**RECORDS FOR THE EXERCISE:**
·····

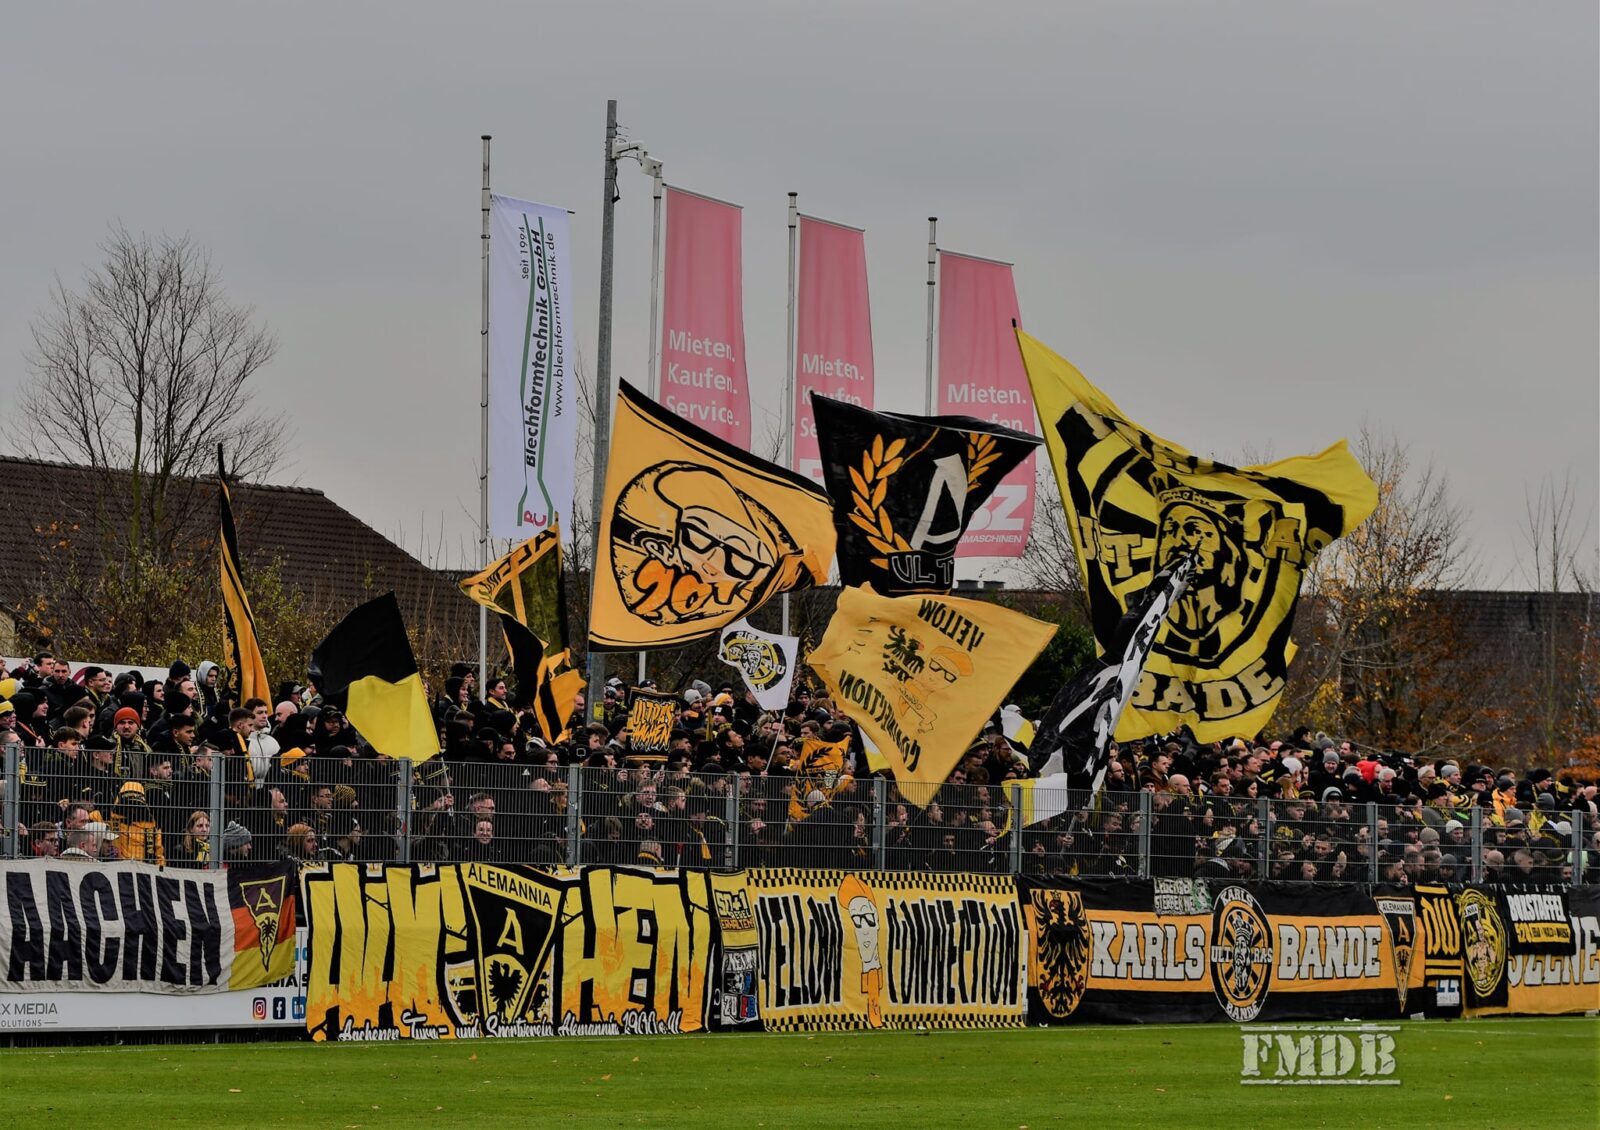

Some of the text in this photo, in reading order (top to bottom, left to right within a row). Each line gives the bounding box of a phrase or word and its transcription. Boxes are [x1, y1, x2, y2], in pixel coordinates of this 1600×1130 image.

[518, 226, 529, 280] seit 1994
[544, 232, 564, 418] www.blechformtechnik.de
[524, 229, 549, 468] Blechformtechnik GmbH
[669, 329, 735, 362] Mieten.
[667, 361, 738, 394] Kaufen.
[802, 353, 864, 381] Mieten.
[666, 395, 740, 426] Service.
[947, 383, 1027, 405] Mieten.
[467, 862, 554, 910] ALEMANNIA
[1220, 886, 1255, 908] KARLS
[6, 870, 222, 985] AACHEN
[497, 907, 524, 956] A
[1090, 920, 1206, 980] KARLS
[1278, 924, 1383, 980] BANDE
[14, 1002, 58, 1016] MEDIA
[1226, 1000, 1261, 1021] BANDE

·····

**WORK ORDER:**
Leave the pictures out and reproduce each record exactly as written.

**RESULT FOR THIS EXERCISE:**
Some of the text in this photo, in reading order (top to bottom, left to right within a row). Each line gives the bounding box of a phrase or word and its transcription. Boxes are [x1, y1, x2, y2], in pixel coordinates of this 1600×1130 image.

[518, 226, 529, 280] seit 1994
[544, 232, 564, 418] www.blechformtechnik.de
[524, 229, 549, 468] Blechformtechnik GmbH
[669, 329, 735, 362] Mieten.
[667, 361, 738, 394] Kaufen.
[802, 353, 864, 381] Mieten.
[666, 395, 740, 426] Service.
[947, 383, 1027, 405] Mieten.
[467, 862, 554, 910] ALEMANNIA
[1220, 886, 1255, 908] KARLS
[6, 870, 222, 985] AACHEN
[497, 907, 524, 956] A
[1090, 920, 1206, 980] KARLS
[1278, 924, 1383, 980] BANDE
[14, 1002, 58, 1016] MEDIA
[1226, 1000, 1261, 1021] BANDE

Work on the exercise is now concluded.